[Start of Attachment]

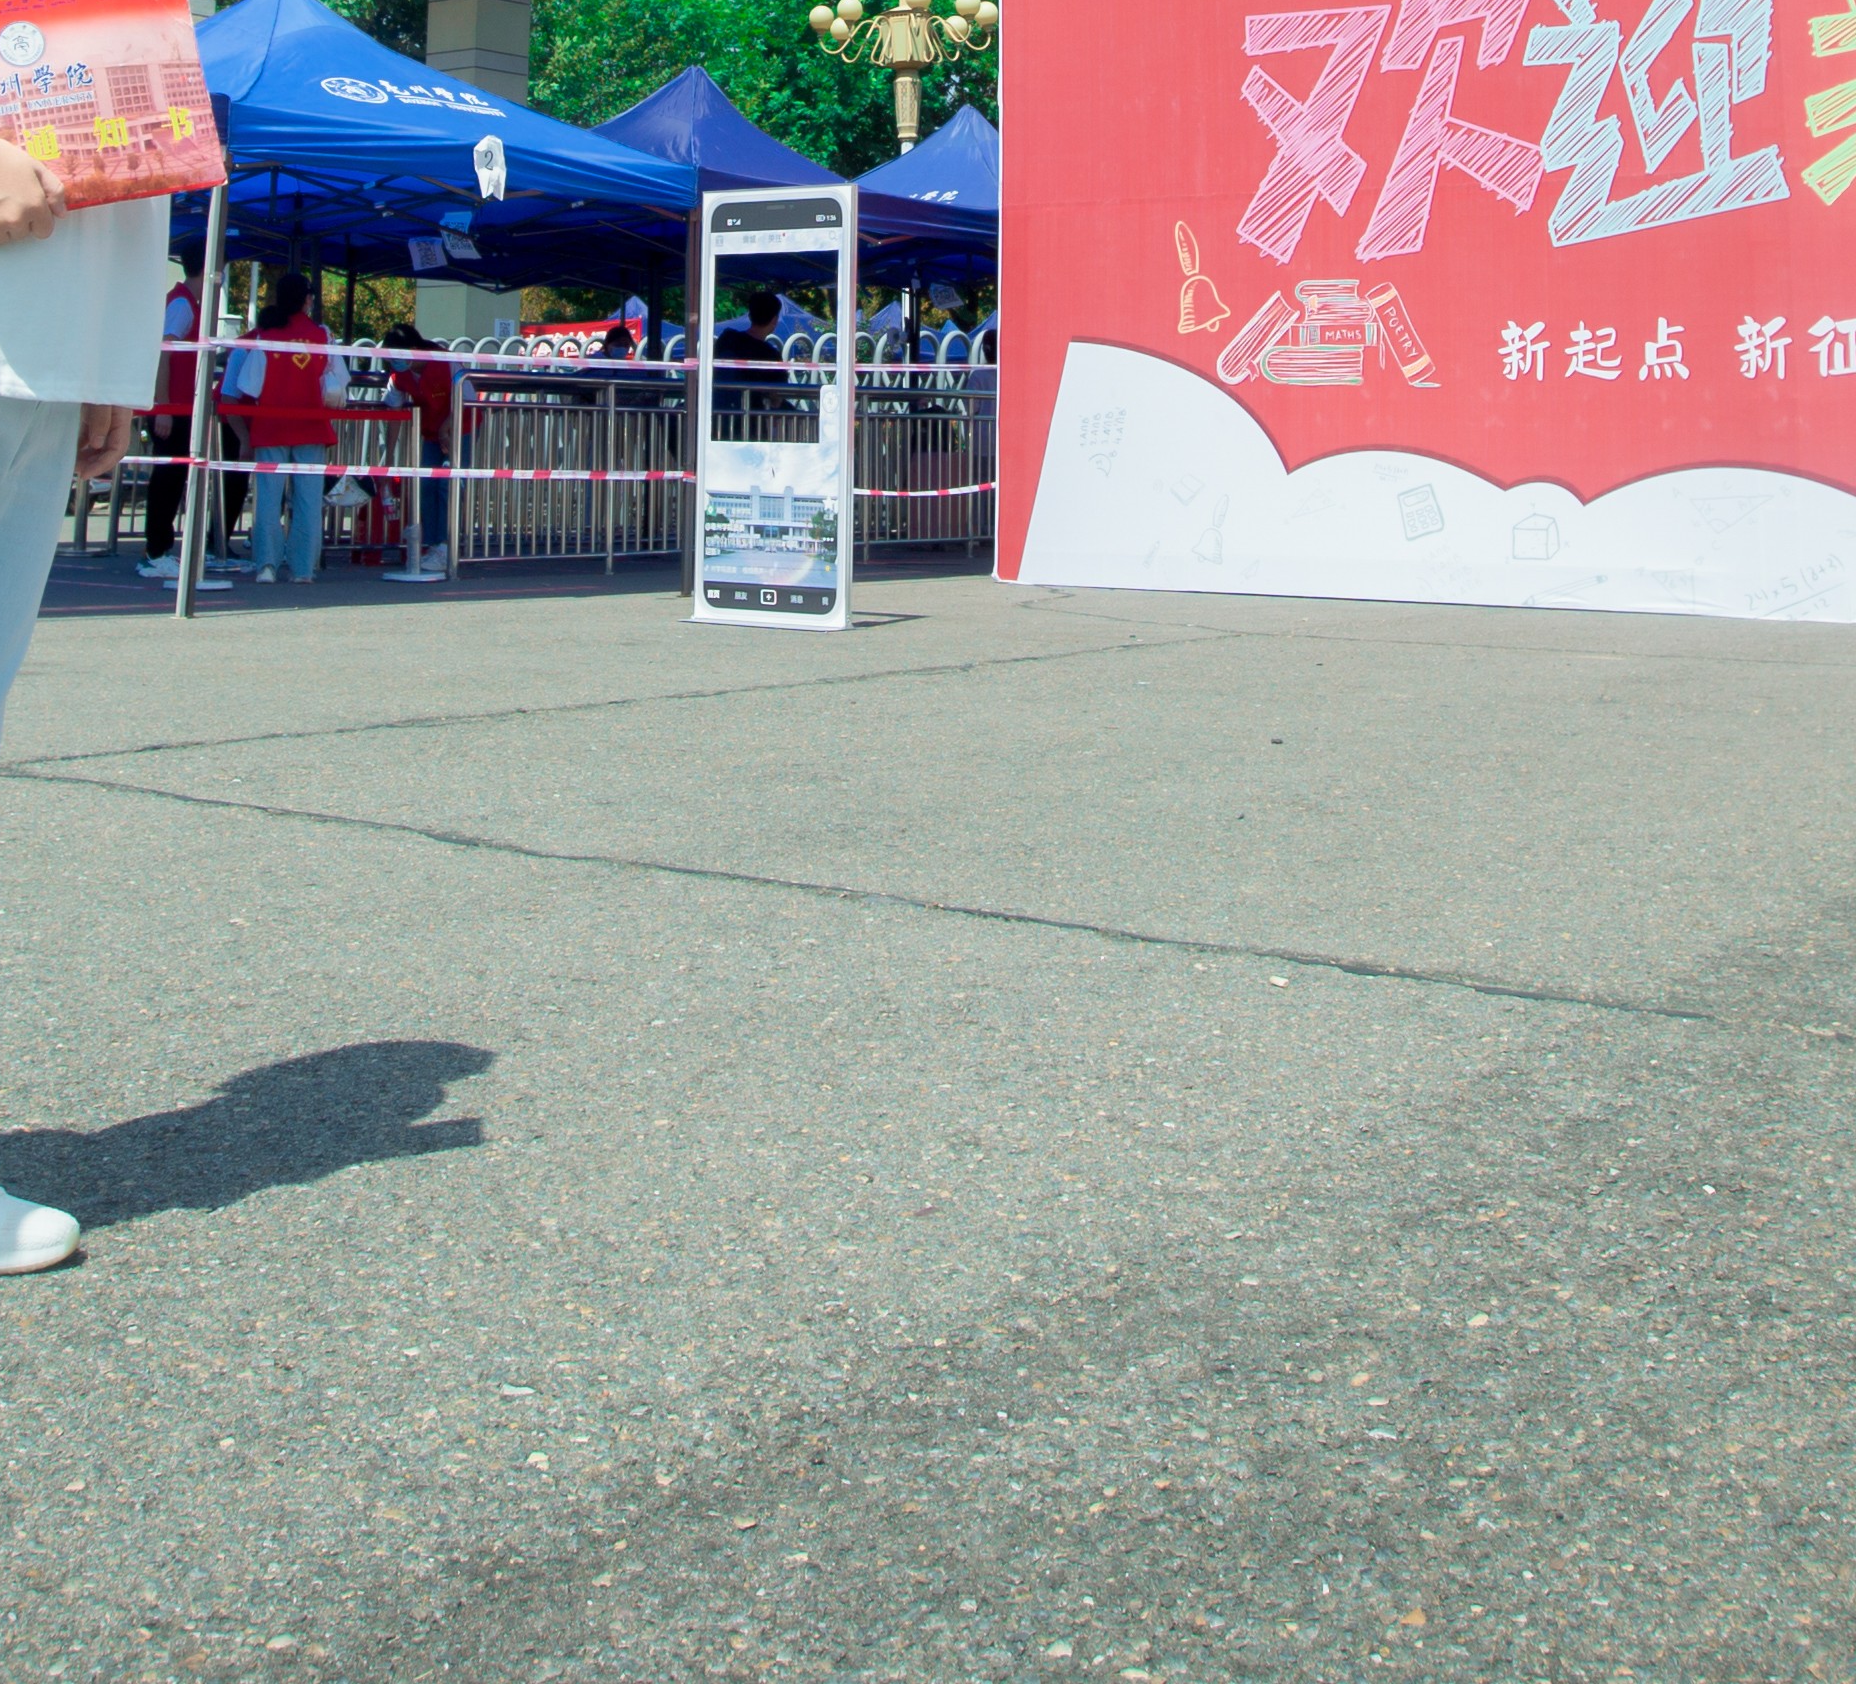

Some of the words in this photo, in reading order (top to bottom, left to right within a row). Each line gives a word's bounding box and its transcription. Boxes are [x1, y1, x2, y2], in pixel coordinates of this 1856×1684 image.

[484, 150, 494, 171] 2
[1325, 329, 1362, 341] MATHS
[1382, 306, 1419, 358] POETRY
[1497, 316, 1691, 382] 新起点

[End of Attachment]

* **WHAT NEEDS TO BE DONE**:
All of the entries above are to be duplicated exactly, with every image left out.

* **ANSWER TO THIS PROBLEM**:
Some of the words in this photo, in reading order (top to bottom, left to right within a row). Each line gives a word's bounding box and its transcription. Boxes are [x1, y1, x2, y2], in pixel coordinates of this 1856×1684 image.

[484, 150, 494, 171] 2
[1325, 329, 1362, 341] MATHS
[1382, 306, 1419, 358] POETRY
[1497, 316, 1691, 382] 新起点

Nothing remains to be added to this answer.